India and Pakistan are set to play again in the United Arab Emirates (UAE), a region that has hosted eye-ball grabbing, crazily oscillating matches in the 1980s and 1990s. The two teams face off in the T20 World Cup in October-November after the International Cricket Council (ICC) put them in the same group on Friday.
Since the year 2000, when India last played Pakistan in Sharjah, the two have faced off in the UAE only four times -- twice in Abu Dhabi in 2006 and twice in Dubai in 2018 during the Asia Cup. They were all ODI matches with the 2018 games being part of the Asia Cup, organised by the Asian Cricket Council.
The World Cup will be the first time they will play T20 format against each other on UAE soil though it is yet to be decided which of the three venues will host the match. It will also be the first T20 match between the two countries in five years, the previous one being during the 2016 World Cup in Kolkata.
While India hasn't been keen to play there, the Covid-19 situation - or monsoon, as described by the Indian board - has forced the World Cup, hosted by India, to be shifted there.
Former cricketers, who have played in Sharjah, said that though the teams are not as evenly matched as they were, the match will still draw crowds.
"We played in the 1980s. At that time, both sides would get equal crowds. Emotions used to run very high. Winning was the only thing you could think of. Of course, only the players who were mentally strong could survive. It was the best platform for them [to perform and attain stardom]. Sharjah separated men from the boys," said Dilip Vengsarkar who played several matches in Sharjah.
Organised by private body
Those matches were organised by a private body, the Cricketers' Benefit Fund Series (CBFS), which would name a few cricketers every season and present them with a benefit purse from the tournament's earnings.

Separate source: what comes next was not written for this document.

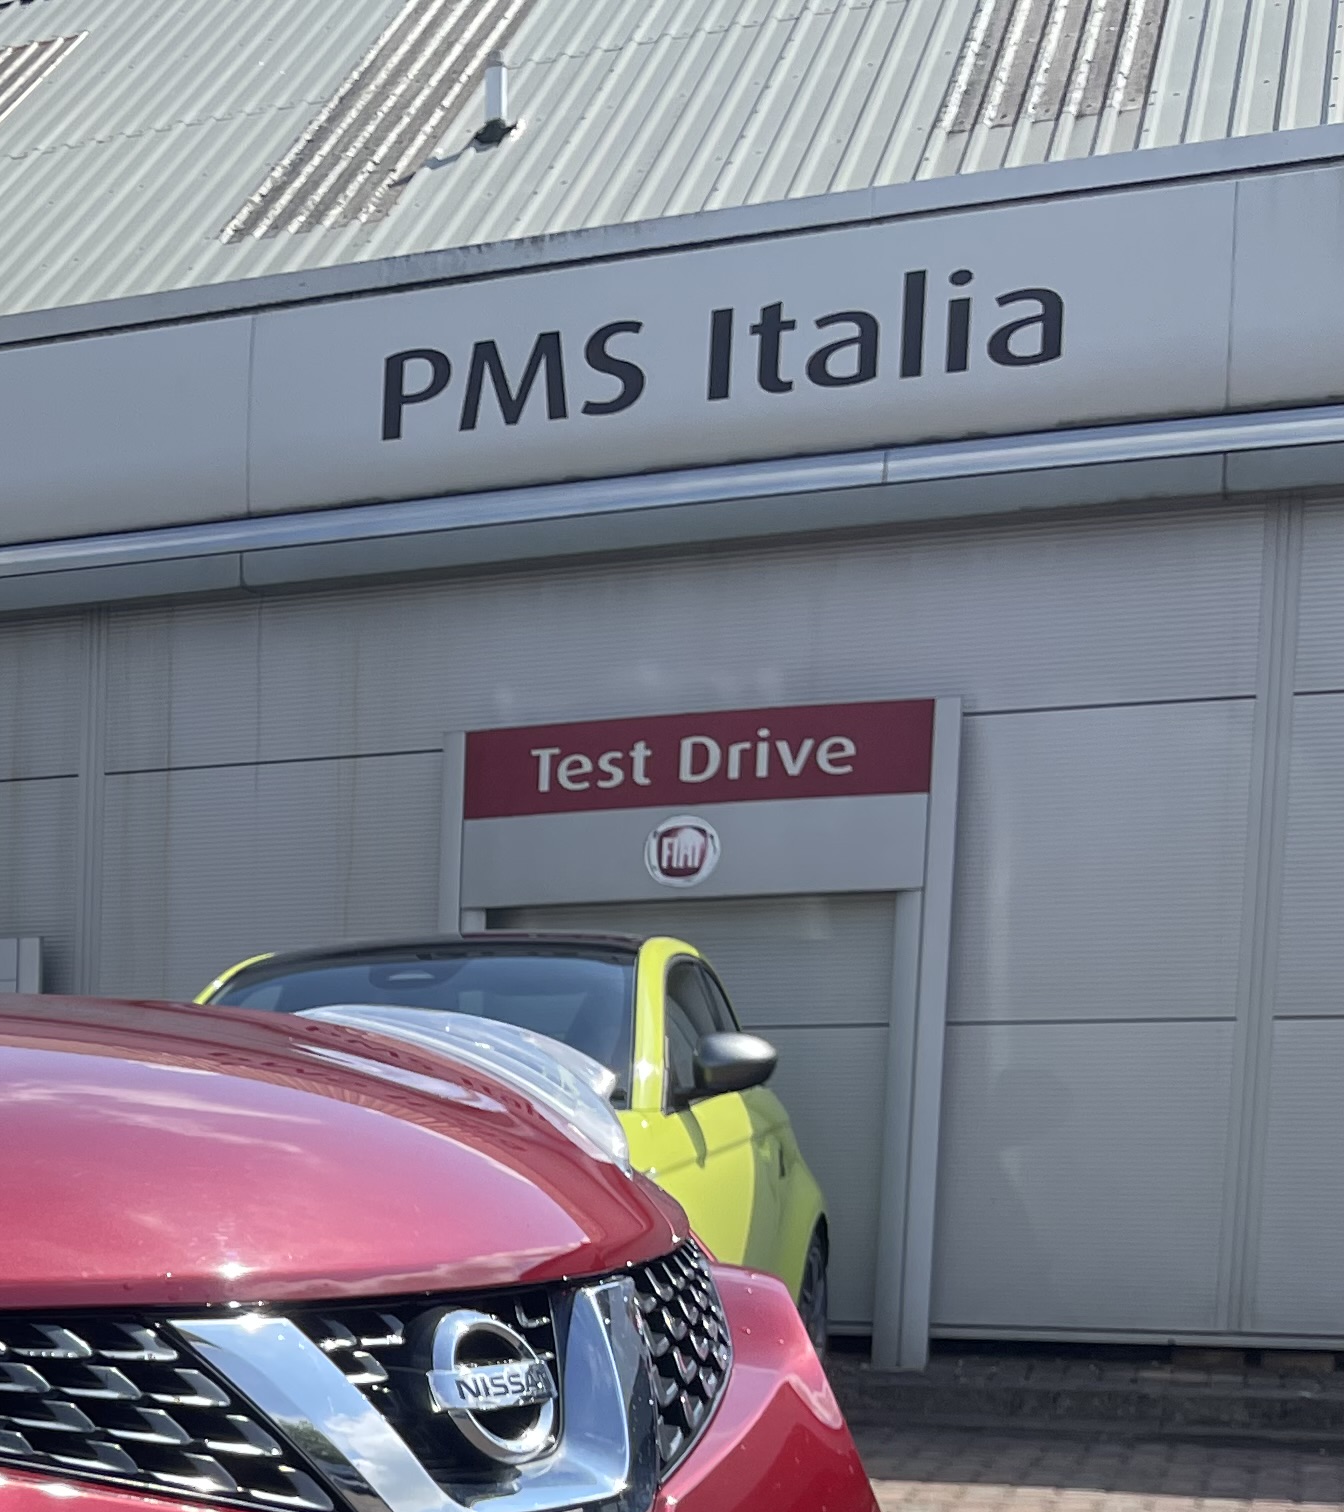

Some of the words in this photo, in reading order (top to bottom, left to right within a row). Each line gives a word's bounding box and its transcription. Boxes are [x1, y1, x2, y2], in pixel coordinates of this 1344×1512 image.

Though Vengsarkar thinks the audience will be big and interest high, he said the Indian team is much stronger. He, however, said that an India-Pakistan game is unpredictable as was proved by the ICC Champions Trophy final in 2017 in which unfancied Pakistan beat India.
"It will be similar [in terms of interest]. The Indian team is much, much stronger. But the thing what you saw a couple of years back [in the Champions Trophy]... the build-up, hype and interest will be the same, more or less. Everybody likes to see this game," Vengsarkar told IANS.
Former India left-arm spinner Maninder Singh, who too played in Sharjah in the 1980s and came up with stellar performances, said the interest would be there but perhaps not as much.
"I have my doubts [on whether it will match up to the hype of the 1980s]. There are not many heroes in Pakistan cricket. There will be interest, but I don't think there will be as much. Now, the Indian side is stronger than the Pakistan side," Maninder, who received the CBFS benefit purse in 2000, told IANS.
Huge presence of audience expected
"The traditional rivalry that two countries have, you will see. Back in the day, I think why it took off was due to the presence of so many Indians and Pakistanis. Living in the UAE, they weren't getting much cricket. So this would create interest, especially because of traditional rivalry. That it was played regularly also helped."
Over the years, since the BCCI has gotten richer and financially stronger and could pay big money to its players the cash-rich tournament organised in Sharjah by CBFS lost the attraction. The BCCI then stopped allowing its players from visiting the UAE.
Ex-India off-spinner Shivlal Yadav, who too like Vengsarkar and Maninder, was received a benefit purse, in 1998.
"The Sharjah cricket tournament was organised by Abdul Rahman Bukhatir [the brain behind CBFS]. ICC stopped that. He used to honour players and give players money. Now all those things are not required, so there is no point of the private tournament being hosted or the BCCI sending a team there," Yadav told IANS.
But Yadav still felt that the match will attract eyeballs. Pace bowler Bhuvneshwar Kumar, currently in Sri Lanka for the white-ball series, told the media on Friday that he was looking forward to the big game.
"It is always exciting to play against Pakistan. It is always a pressure match. Of course, it will be a high-intensity match but to be honest we haven't yet thought about it. Because we have got a lot of cricket left. We have matches in Sri Lanka. In England, there are Test matches, then IPL… But of course, when we get over the IPL, we will start thinking about it," he said.